La CESSIONE del credito (che finora è stata esaminata) è quella generale


(disciplinata dal Codice Civile, in particolare agli artt.1260 e ss.).
Nella pratica —> sono (evidentemente) soprattutto le IMPRESE —> che ricorrono
alla cessione di credito —> spesso cedendo ANCHE i proventi futuri dei contratti
stipulati —> in modo da dotarsi (in anticipo) di liquidità —> in modo da finanziare
la propria attività.
Quando la cessione riguarda i crediti di una IMPRESA —> assai spesso si ricorre
(nella pratica) al CONTRATTO DI FACTORING.

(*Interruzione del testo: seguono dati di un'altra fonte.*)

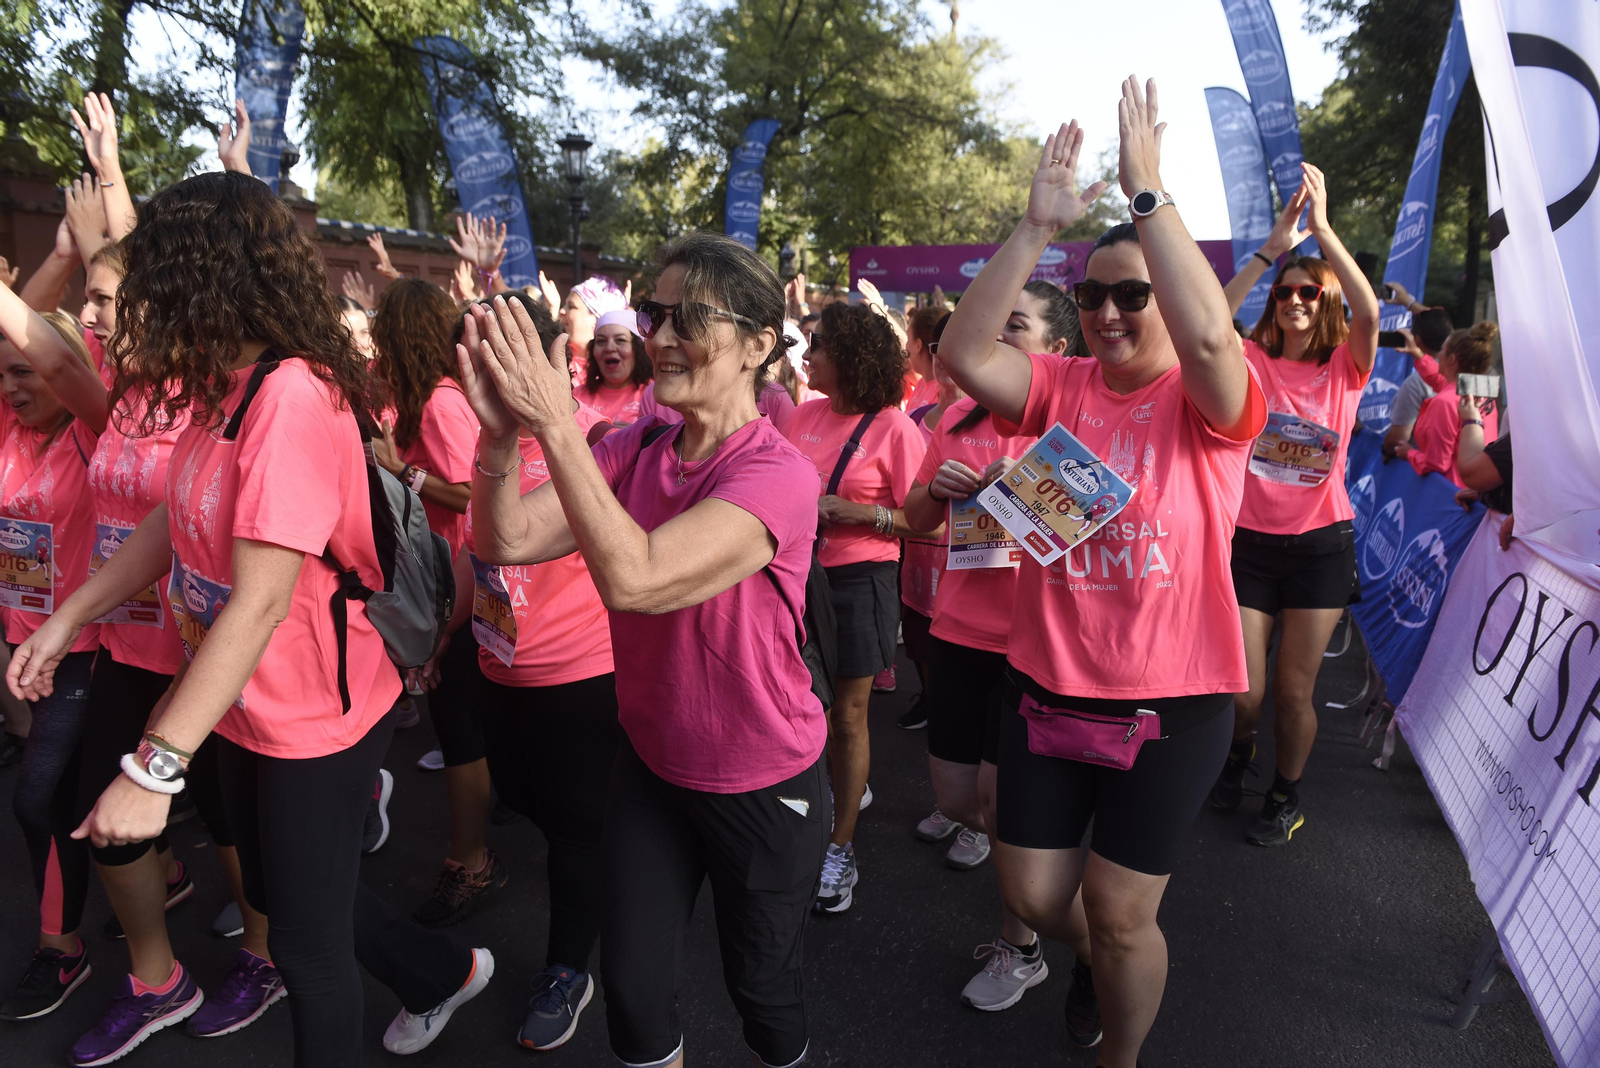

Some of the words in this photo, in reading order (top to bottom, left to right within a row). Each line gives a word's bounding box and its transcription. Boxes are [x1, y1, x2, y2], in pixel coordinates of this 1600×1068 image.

[906, 266, 940, 275] OYSHO
[1283, 426, 1315, 438] ASTURIANA
[962, 436, 997, 450] OYSHO
[1047, 440, 1063, 456] SUMA
[1278, 441, 1312, 458] 016
[1060, 462, 1095, 494] ASTURIANA
[1036, 478, 1076, 514] 016
[988, 495, 1013, 520] OYSHO
[1009, 494, 1028, 513] CARRERA
[1026, 510, 1033, 518] DE
[1032, 515, 1038, 524] LA
[1036, 520, 1054, 537] MUJER
[1030, 500, 1050, 516] 1947
[977, 513, 999, 530] 01
[986, 532, 1006, 540] 1946
[966, 542, 988, 550] CARRERA
[955, 554, 984, 564] OYSHO
[1056, 542, 1171, 579] UMA
[1156, 580, 1173, 589] 2022
[488, 593, 506, 618] 016

Si tratta di una figura di origine anglosassone —> che da decenni è utilizzata
anche in Italia.
Il factoring —> costituisce (nella sua configurazione essenziale) un contratto
ATIPICO —> con il quale una impresa specializzata (detta Factor) acquista da
imprese venditrici —> i crediti NON ancora esigibili —> che queste imprese
vantano presso la propria clientela.
Il factor —> si preoccupa di riscuotere questi crediti (dai vari debitori) —>
anticipandone all'impresa cedente (in tutto o in parte) l’importo.
Normalmente il factor (=questa impresa specializzata) acquista —> dalle varie
imprese —> i singoli crediti PRO SOLUTO.
Assumendosi così —> il RISCHIO della INSOLVENZA del debitore (che quando la
cessione è PRO SOLUTO, il cedente NON risponde nei confronti del cessionario —>
del mancato pagamento da parte del debitore ceduto).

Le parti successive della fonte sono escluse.